• _PROBLEM STATEMENT_: Write out the entries exactly. None of the pictures should appear in the copy.

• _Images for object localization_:
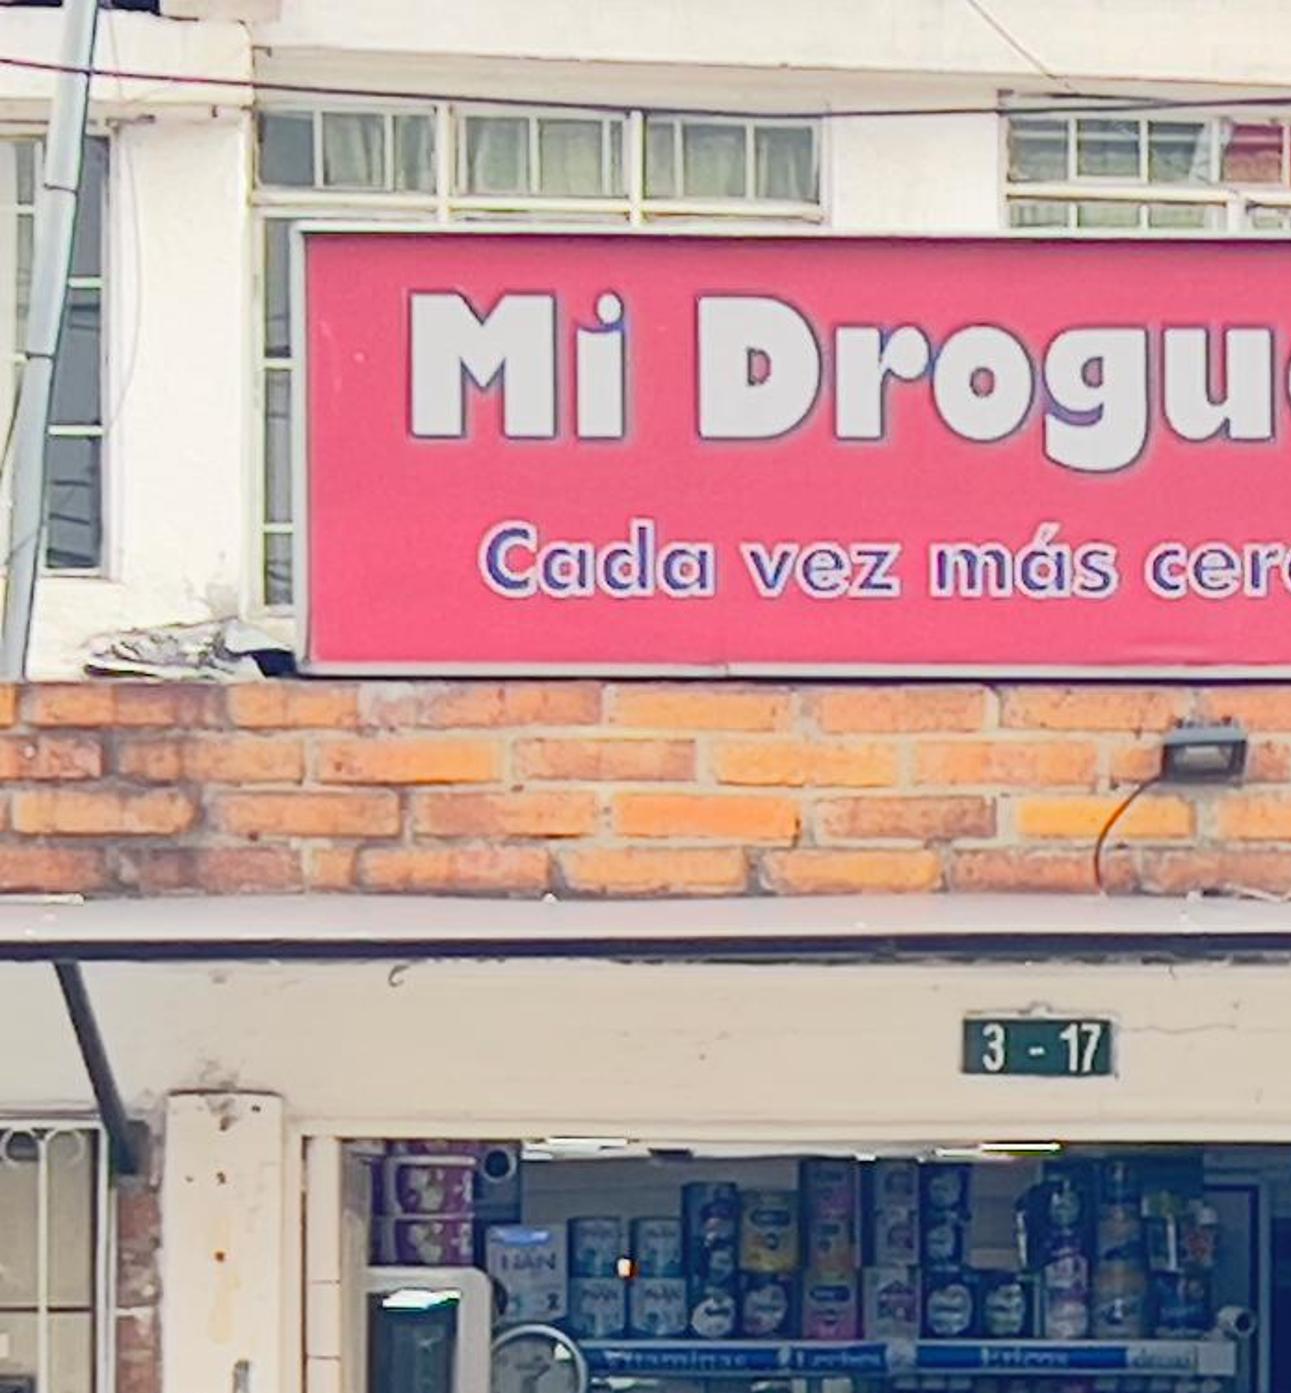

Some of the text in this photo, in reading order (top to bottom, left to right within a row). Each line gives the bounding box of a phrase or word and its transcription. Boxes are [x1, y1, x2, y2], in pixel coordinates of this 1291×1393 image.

[410, 293, 625, 439] Mi
[478, 518, 715, 599] Cada
[739, 541, 903, 600] vez
[929, 521, 1120, 600] más

• _WRITTEN SOLUTION_:
Some of the text in this photo, in reading order (top to bottom, left to right within a row). Each line gives the bounding box of a phrase or word and its transcription. Boxes are [x1, y1, x2, y2], in pixel coordinates of this 1291×1393 image.

[410, 293, 625, 439] Mi
[478, 518, 715, 599] Cada
[739, 541, 903, 600] vez
[929, 521, 1120, 600] más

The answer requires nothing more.